_Task item:_ Your response should be an exact transcription of the data, images excluded.

_Source data:_
══════════════════════════════

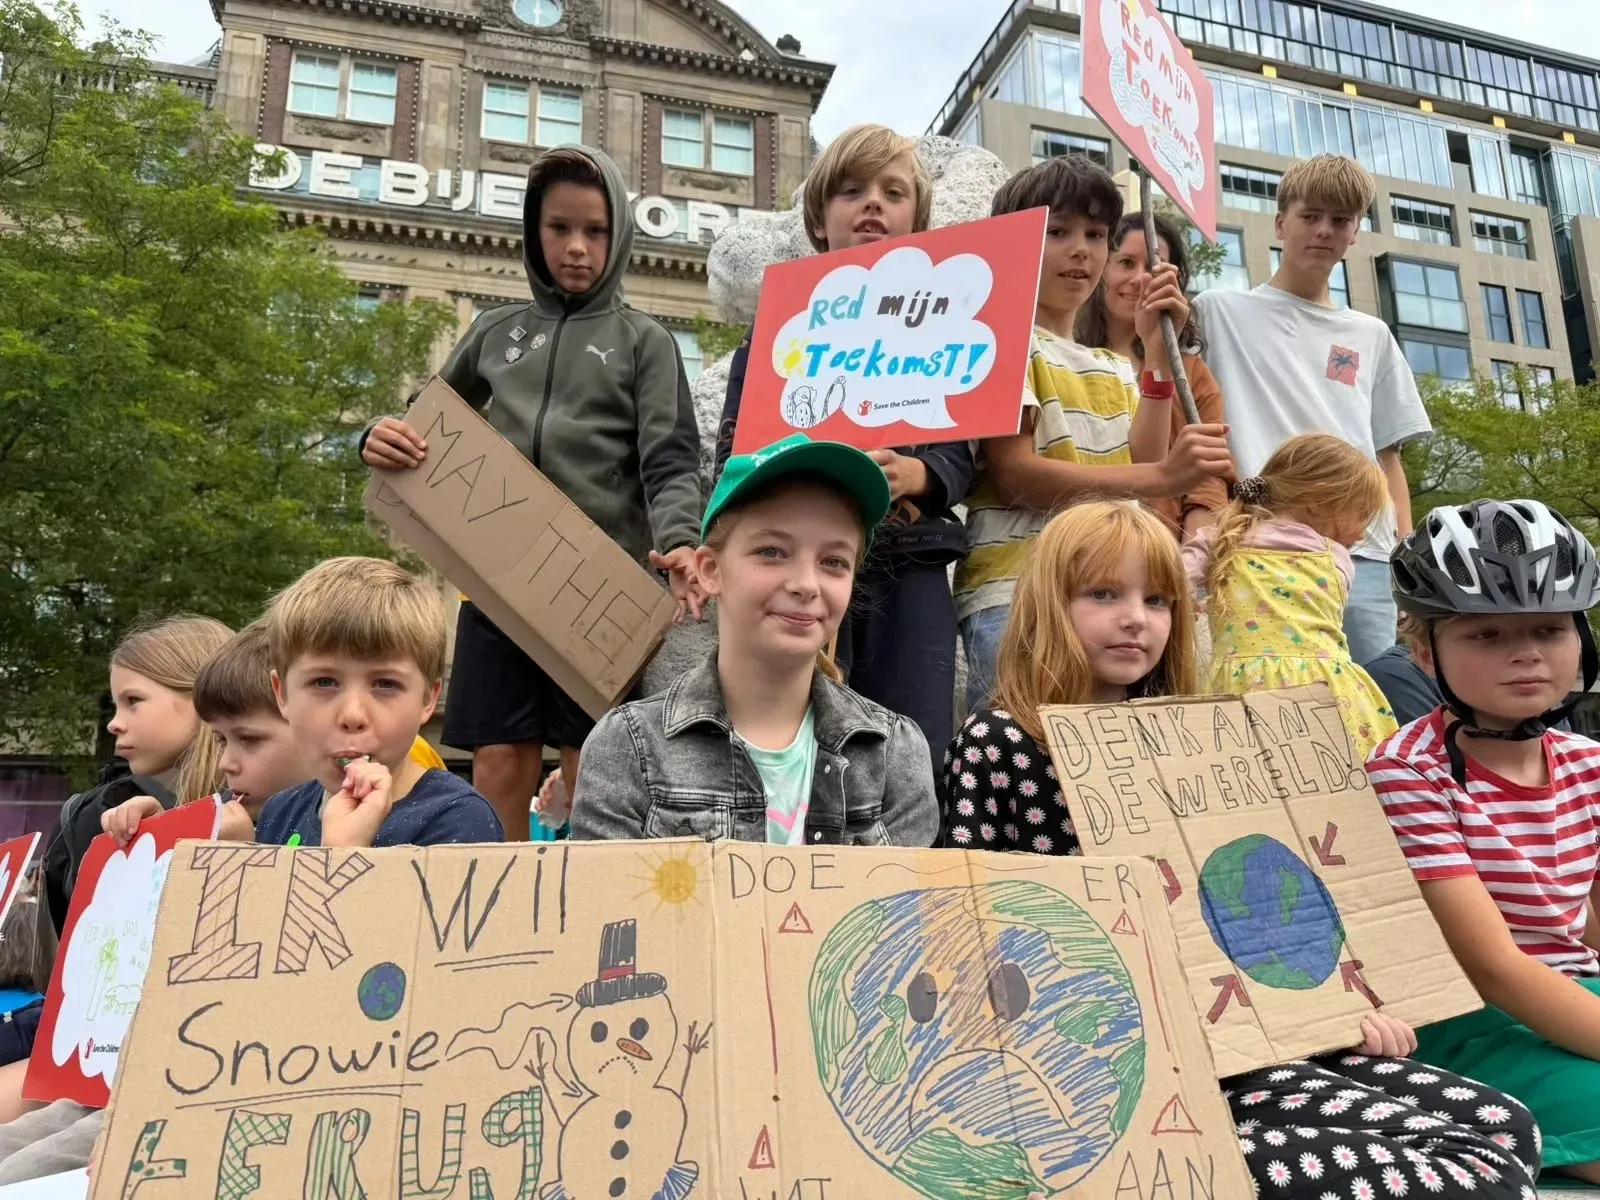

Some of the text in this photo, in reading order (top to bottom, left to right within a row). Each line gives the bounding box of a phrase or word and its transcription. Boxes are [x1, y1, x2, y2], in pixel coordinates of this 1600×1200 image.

[249, 143, 364, 199] DE
[877, 289, 949, 328] mijn
[902, 398, 930, 407] Children
[423, 411, 650, 665] MAY THE
[1048, 701, 1310, 780] DENK AAN
[1076, 704, 1367, 846] DE WERELD!
[729, 853, 1142, 902] DOE ER
[168, 846, 375, 986] IK
[165, 1001, 440, 1095] Snowie
[1114, 1147, 1215, 1200] AAN
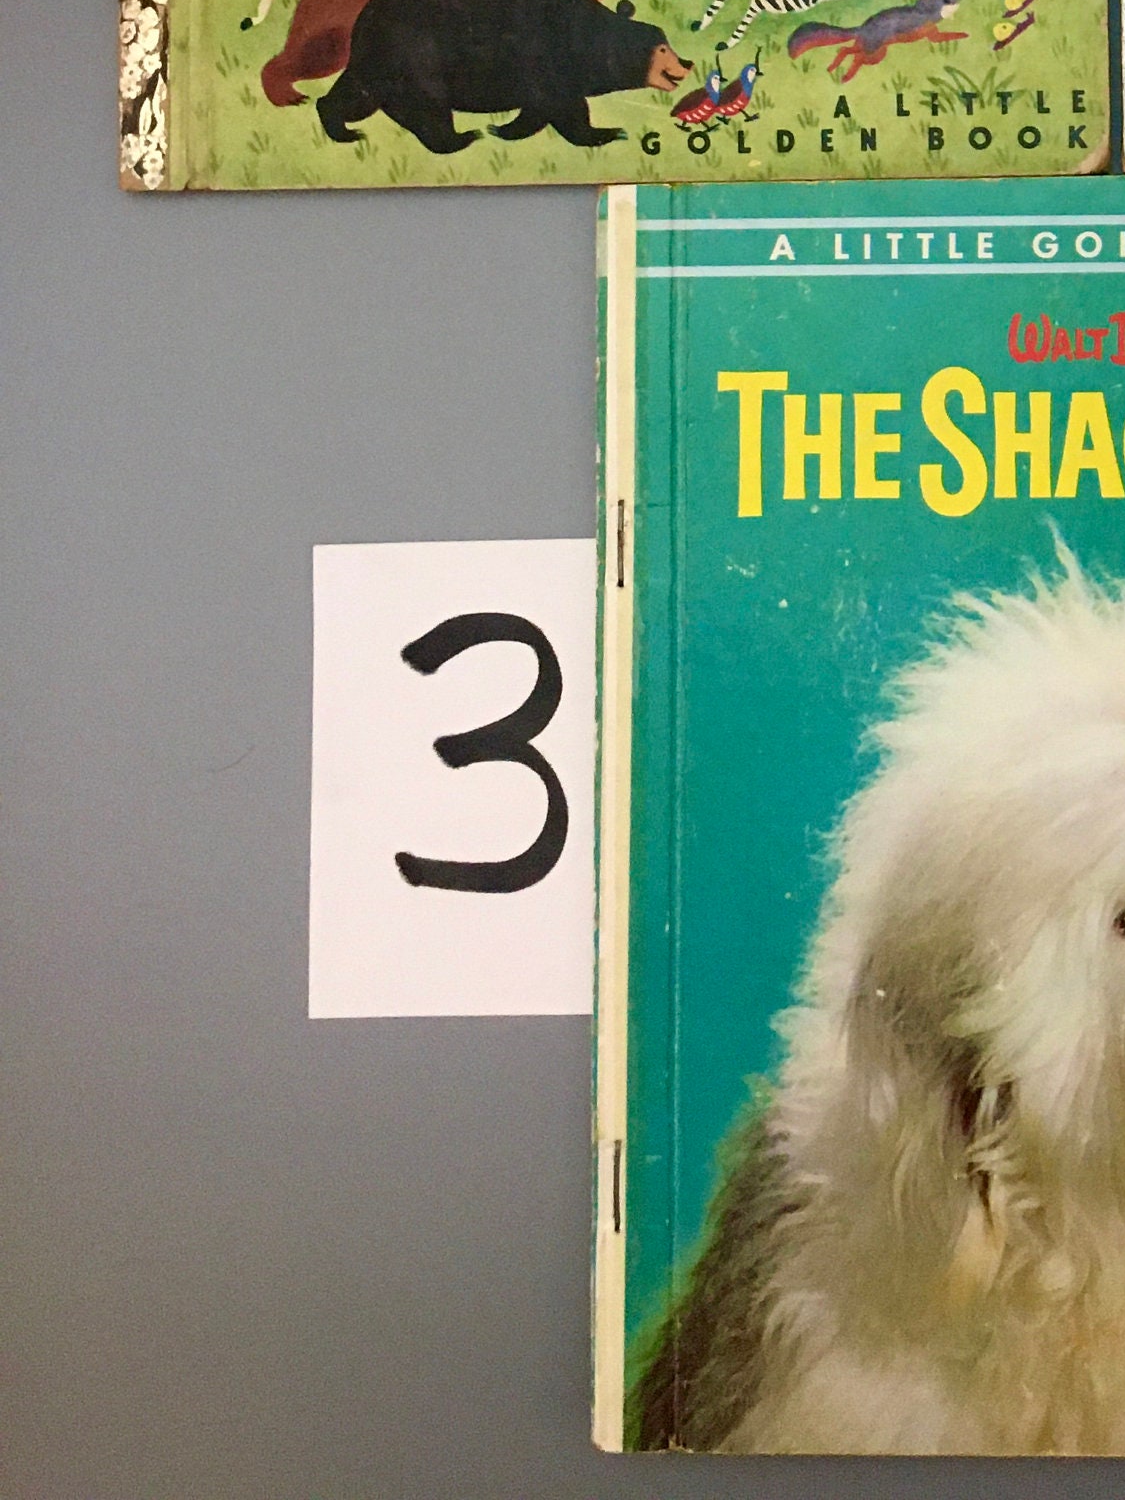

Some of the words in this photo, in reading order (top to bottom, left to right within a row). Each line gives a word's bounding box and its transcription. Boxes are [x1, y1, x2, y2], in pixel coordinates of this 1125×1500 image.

[834, 95, 851, 118] A
[896, 90, 1087, 117] LITTLE
[641, 128, 877, 156] GOLDEN
[928, 125, 1089, 151] BOOK
[769, 234, 796, 261] A
[834, 232, 994, 259] LITTLE
[1008, 312, 1109, 363] WALT
[395, 612, 569, 893] 3
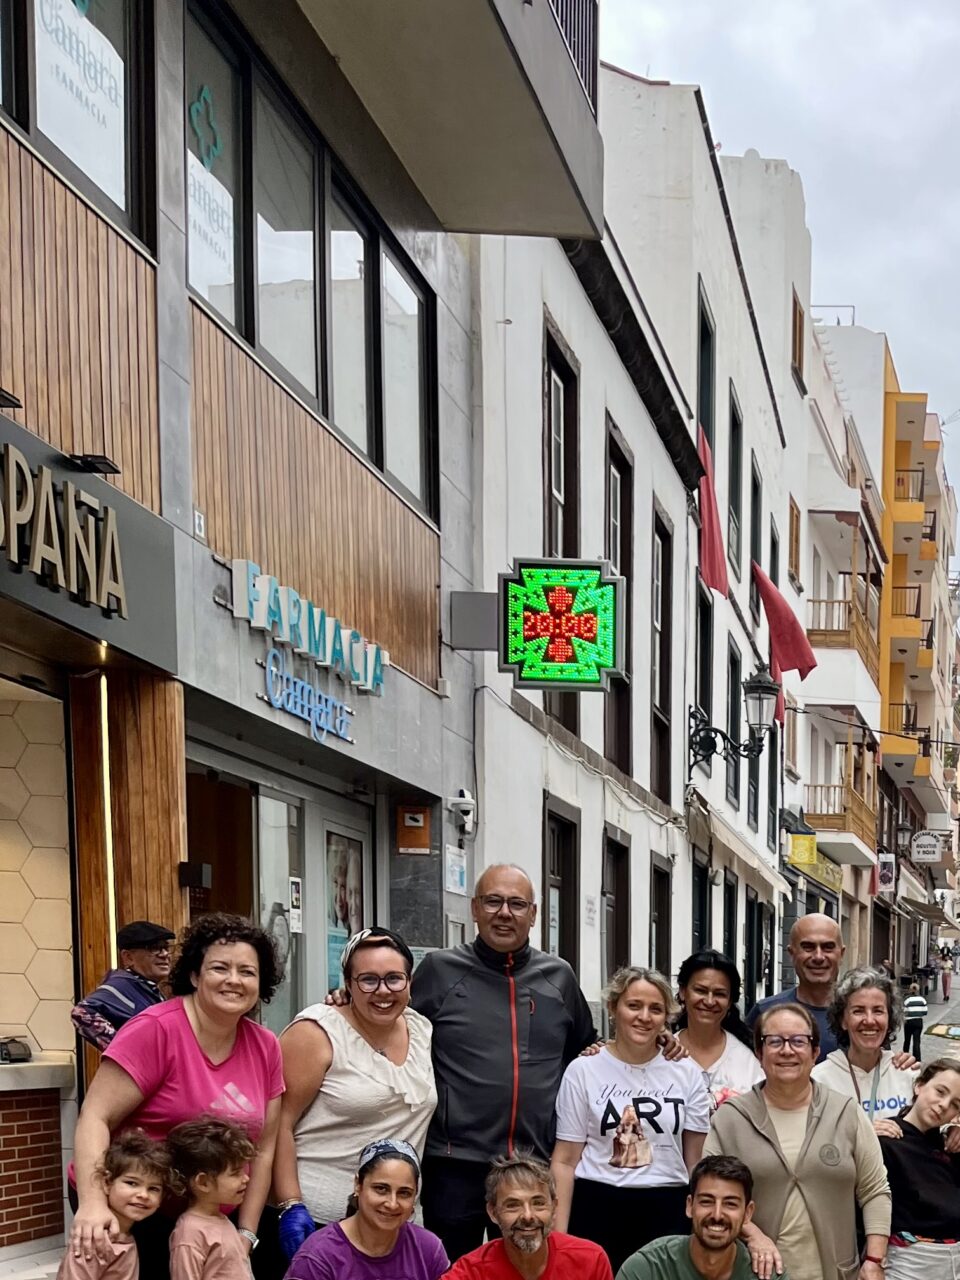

══════════════════════════════

_The completed task:_
Some of the text in this photo, in reading order (top to bottom, left to right within a row). Each line gives the bounding box of a phrase or word and its transcription. Boxes are [x1, y1, x2, y2], in pixel coordinates of this 1600×1200 image.

[249, 143, 364, 199] DE
[877, 289, 949, 328] mijn
[902, 398, 930, 407] Children
[423, 411, 650, 665] MAY THE
[1048, 701, 1310, 780] DENK AAN
[1076, 704, 1367, 846] DE WERELD!
[729, 853, 1142, 902] DOE ER
[168, 846, 375, 986] IK
[165, 1001, 440, 1095] Snowie
[1114, 1147, 1215, 1200] AAN

Some of the words in this photo, in reading order (top to bottom, left to right within a row). Each line gives a word's bounding box and its transcription. Boxes are [x1, y1, x2, y2], in pixel coordinates of this 1125×1500 image.

[834, 95, 851, 118] A
[896, 90, 1087, 117] LITTLE
[641, 128, 877, 156] GOLDEN
[928, 125, 1089, 151] BOOK
[769, 234, 796, 261] A
[834, 232, 994, 259] LITTLE
[1008, 312, 1109, 363] WALT
[395, 612, 569, 893] 3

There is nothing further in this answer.